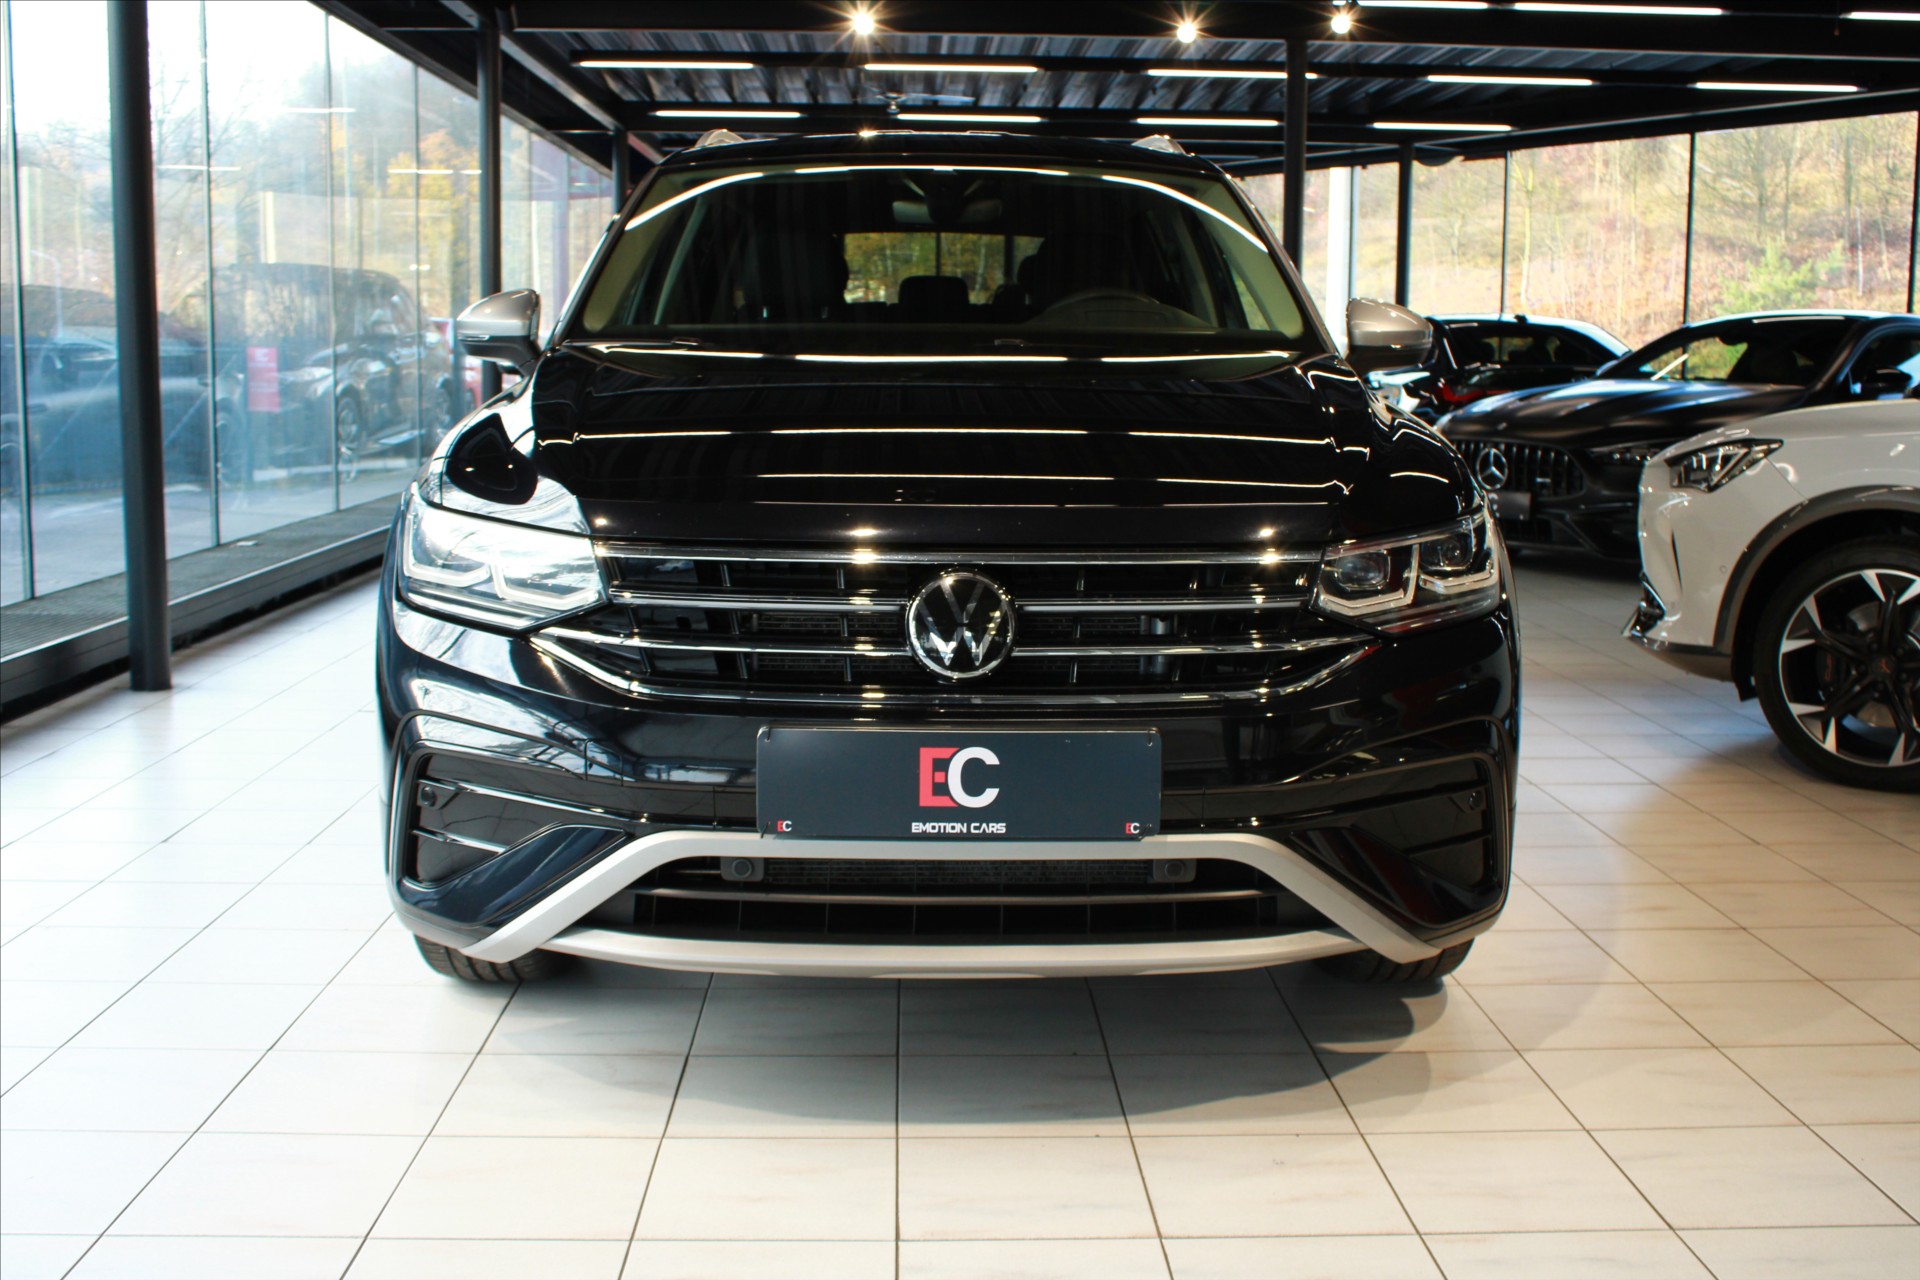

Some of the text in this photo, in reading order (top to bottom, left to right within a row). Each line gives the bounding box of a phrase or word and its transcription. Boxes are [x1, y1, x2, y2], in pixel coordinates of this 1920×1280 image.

[915, 574, 1007, 668] VW
[919, 746, 1000, 808] EC
[777, 820, 792, 832] EC
[911, 822, 1006, 834] EMOTION CARS
[1125, 822, 1140, 834] EC
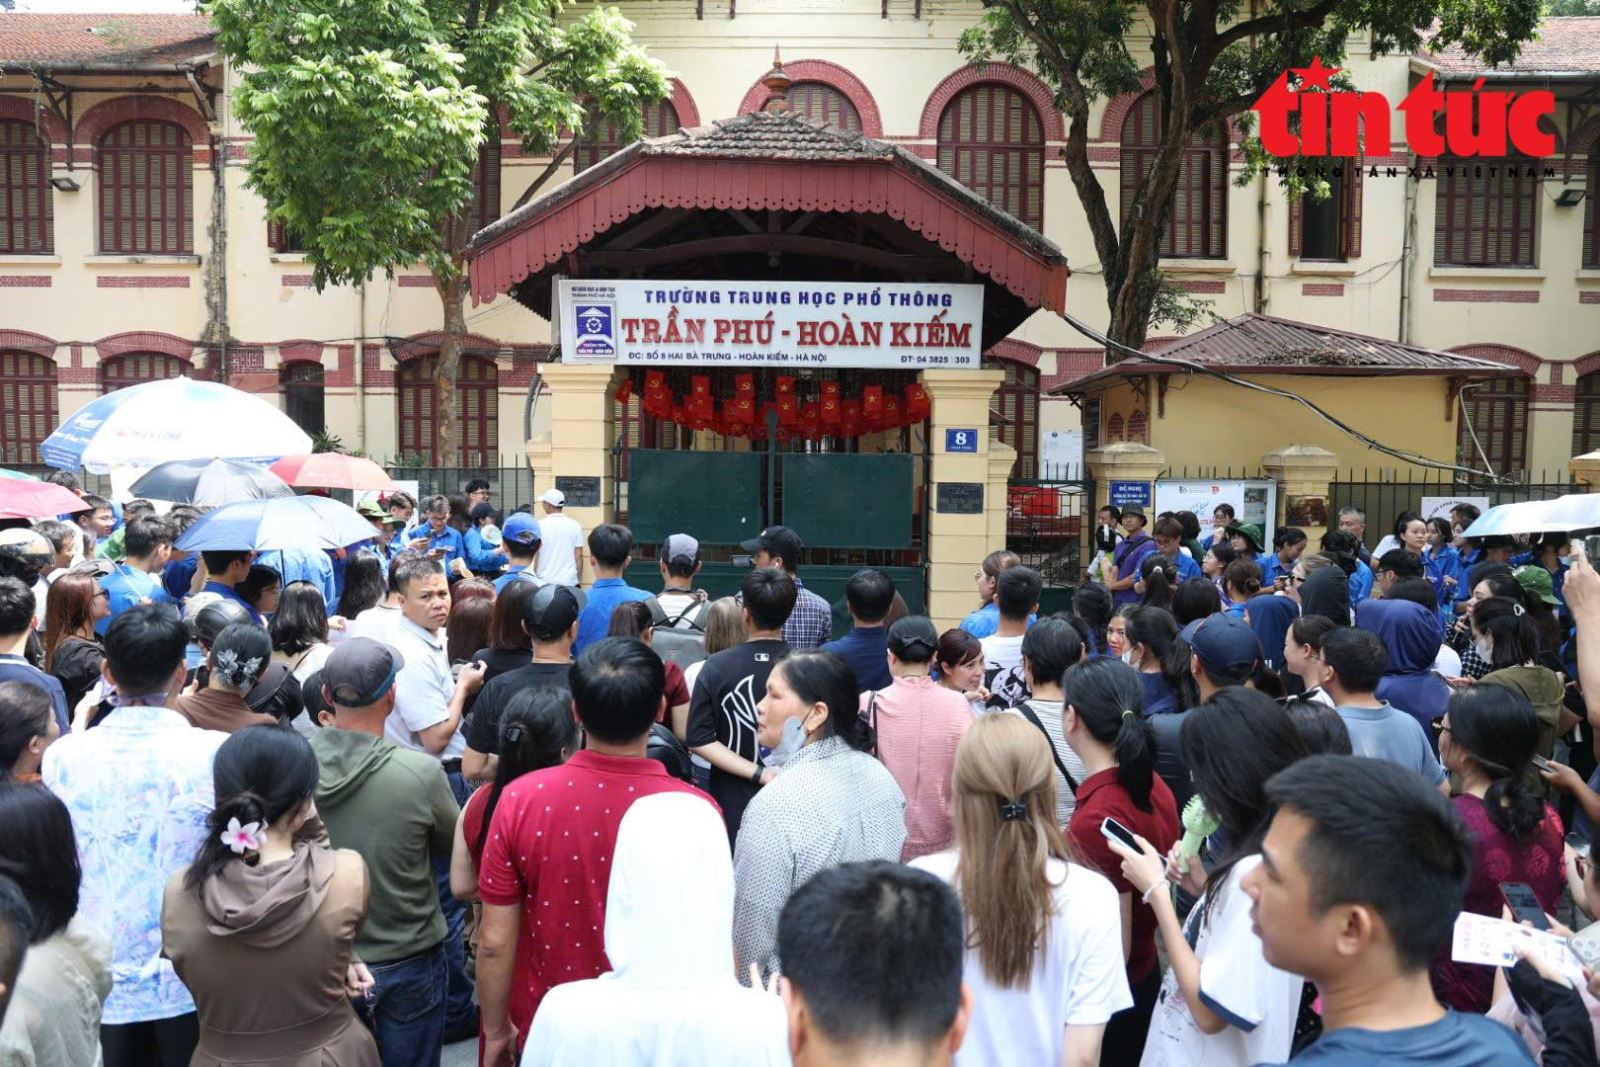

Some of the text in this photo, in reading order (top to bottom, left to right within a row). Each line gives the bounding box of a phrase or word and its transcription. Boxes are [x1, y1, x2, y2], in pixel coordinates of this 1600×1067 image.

[644, 286, 953, 308] TRƯỜNG TRUNG HỌC PHỔ THÔNG
[621, 305, 706, 343] TRẦN
[713, 310, 775, 345] PHÚ
[796, 312, 883, 347] HOÀN
[889, 308, 973, 348] KIẾM
[628, 352, 644, 360] ĐC:
[646, 350, 659, 360] SỐ
[686, 351, 699, 360] BÀ
[702, 352, 732, 361] TRƯNG
[739, 351, 765, 361] HOÀN
[767, 350, 789, 361] KIẾM
[795, 351, 809, 362] HÀ
[811, 352, 827, 363] NỘI
[917, 356, 927, 364] 04
[929, 356, 949, 364] 3825
[955, 432, 967, 445] 8
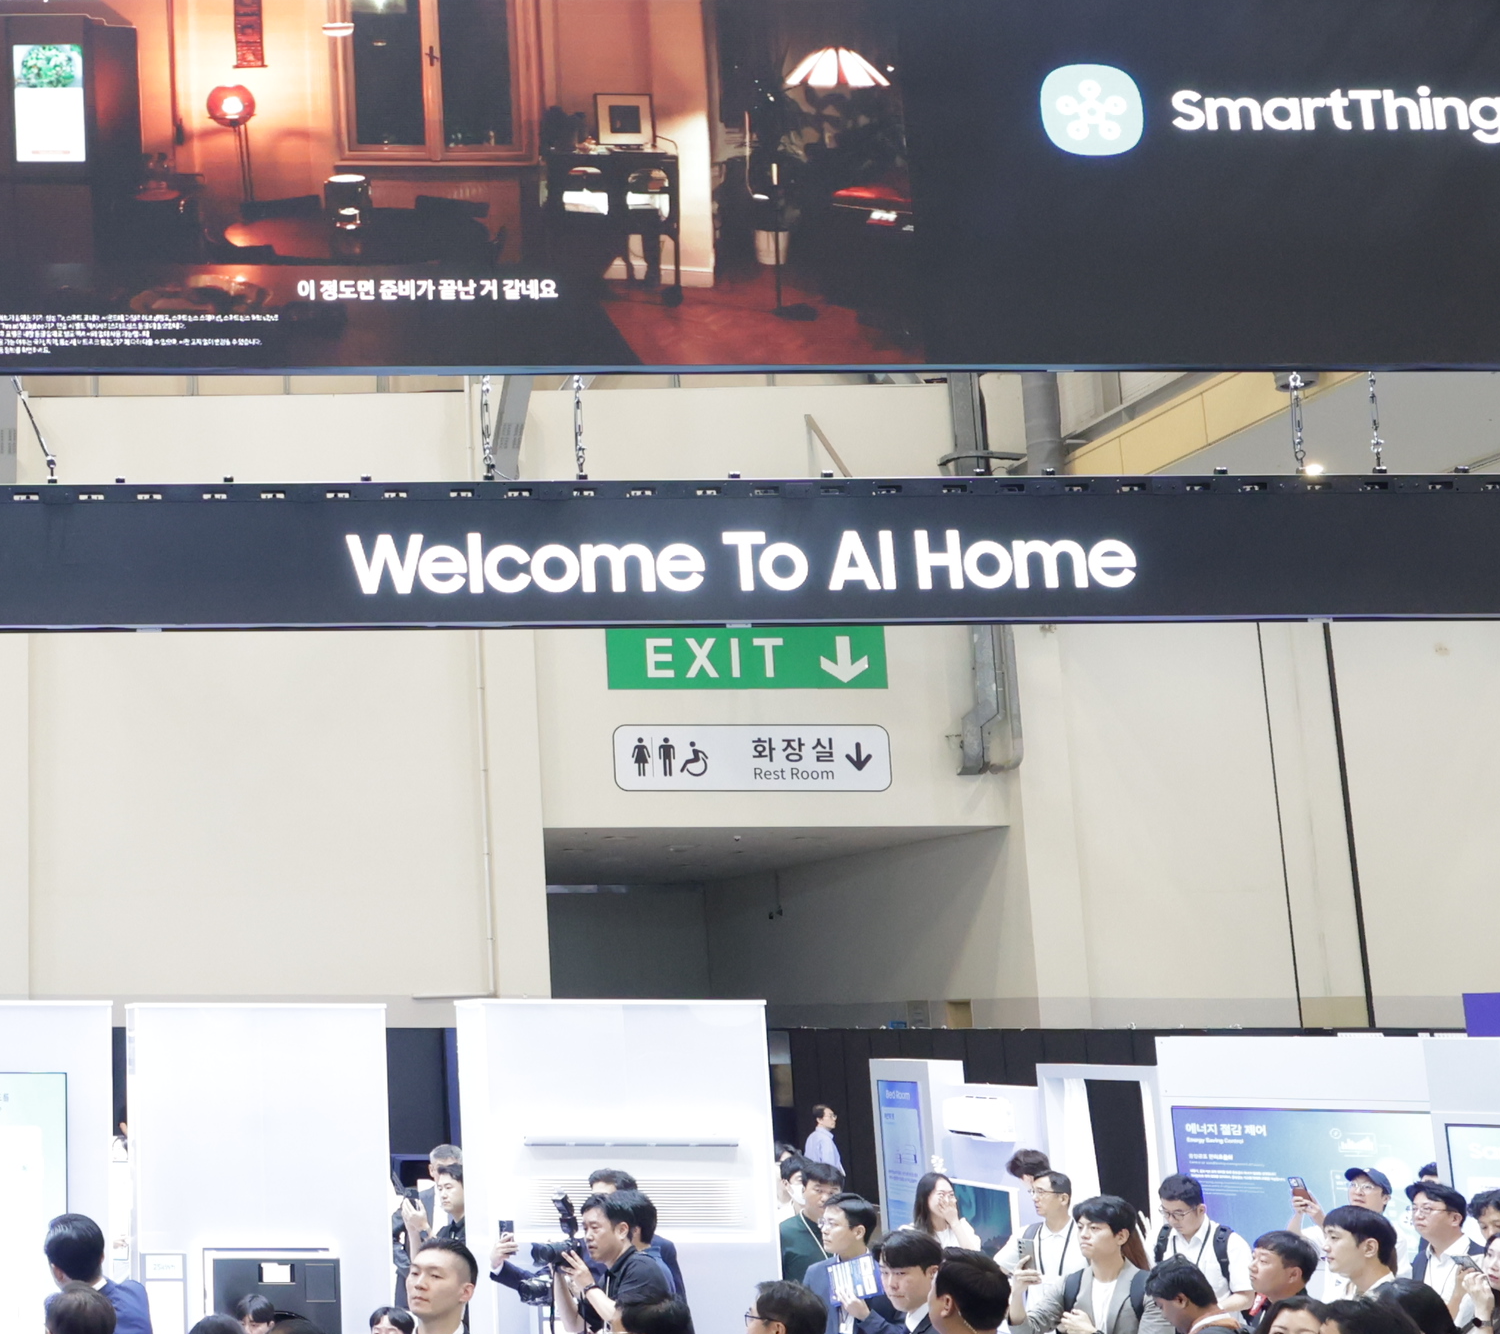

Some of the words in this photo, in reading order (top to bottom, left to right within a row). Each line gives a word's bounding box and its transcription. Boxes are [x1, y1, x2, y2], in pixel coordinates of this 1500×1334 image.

[297, 279, 315, 300] 이
[319, 279, 375, 300] 정도면
[379, 279, 435, 300] 준비가
[438, 279, 476, 300] 끝난
[480, 279, 498, 300] 거
[502, 279, 558, 300] 같네요
[346, 533, 706, 595] Welcome
[722, 531, 808, 592] To
[829, 529, 897, 591] AI
[915, 529, 1138, 590] Home
[645, 637, 784, 678] EXIT
[751, 737, 835, 763] 화장실
[753, 768, 786, 780] Rest
[790, 768, 835, 780] Room
[885, 1089, 896, 1100] Bed
[896, 1091, 911, 1101] Room
[1185, 1123, 1218, 1135] 에너지
[1220, 1123, 1242, 1136] 절감
[1244, 1124, 1267, 1137] 제어
[1186, 1137, 1205, 1145] Energy
[1205, 1137, 1223, 1145] Saving

========

WHAT YOU SHOULD DO: Can you retype every record above exactly, leaving out the pictures?

SOLUTION FOR THIS TASK:
Some of the text in this photo, in reading order (top to bottom, left to right within a row). Each line gives the bounding box of a phrase or word and its transcription. Boxes are [x1, y1, x2, y2], in pixel coordinates of this 1920×1280 image.

[915, 574, 1007, 668] VW
[919, 746, 1000, 808] EC
[777, 820, 792, 832] EC
[911, 822, 1006, 834] EMOTION CARS
[1125, 822, 1140, 834] EC

Some of the text in this photo, in reading order (top to bottom, left to right within a row). Each line gives the bounding box of a phrase or word and its transcription. Boxes are [x1, y1, x2, y2], in pixel coordinates of this 1600×1067 image.

[644, 286, 953, 308] TRƯỜNG TRUNG HỌC PHỔ THÔNG
[621, 305, 706, 343] TRẦN
[713, 310, 775, 345] PHÚ
[796, 312, 883, 347] HOÀN
[889, 308, 973, 348] KIẾM
[628, 352, 644, 360] ĐC:
[646, 350, 659, 360] SỐ
[686, 351, 699, 360] BÀ
[702, 352, 732, 361] TRƯNG
[739, 351, 765, 361] HOÀN
[767, 350, 789, 361] KIẾM
[795, 351, 809, 362] HÀ
[811, 352, 827, 363] NỘI
[917, 356, 927, 364] 04
[929, 356, 949, 364] 3825
[955, 432, 967, 445] 8

Some of the words in this photo, in reading order (top to bottom, left to right within a row). Each line gives a word's bounding box and its transcription. Boxes are [x1, y1, x2, y2], in pixel coordinates of this 1500×1334 image.

[297, 279, 315, 300] 이
[319, 279, 375, 300] 정도면
[379, 279, 435, 300] 준비가
[438, 279, 476, 300] 끝난
[480, 279, 498, 300] 거
[502, 279, 558, 300] 같네요
[346, 533, 706, 595] Welcome
[722, 531, 808, 592] To
[829, 529, 897, 591] AI
[915, 529, 1138, 590] Home
[645, 637, 784, 678] EXIT
[751, 737, 835, 763] 화장실
[753, 768, 786, 780] Rest
[790, 768, 835, 780] Room
[885, 1089, 896, 1100] Bed
[896, 1091, 911, 1101] Room
[1185, 1123, 1218, 1135] 에너지
[1220, 1123, 1242, 1136] 절감
[1244, 1124, 1267, 1137] 제어
[1186, 1137, 1205, 1145] Energy
[1205, 1137, 1223, 1145] Saving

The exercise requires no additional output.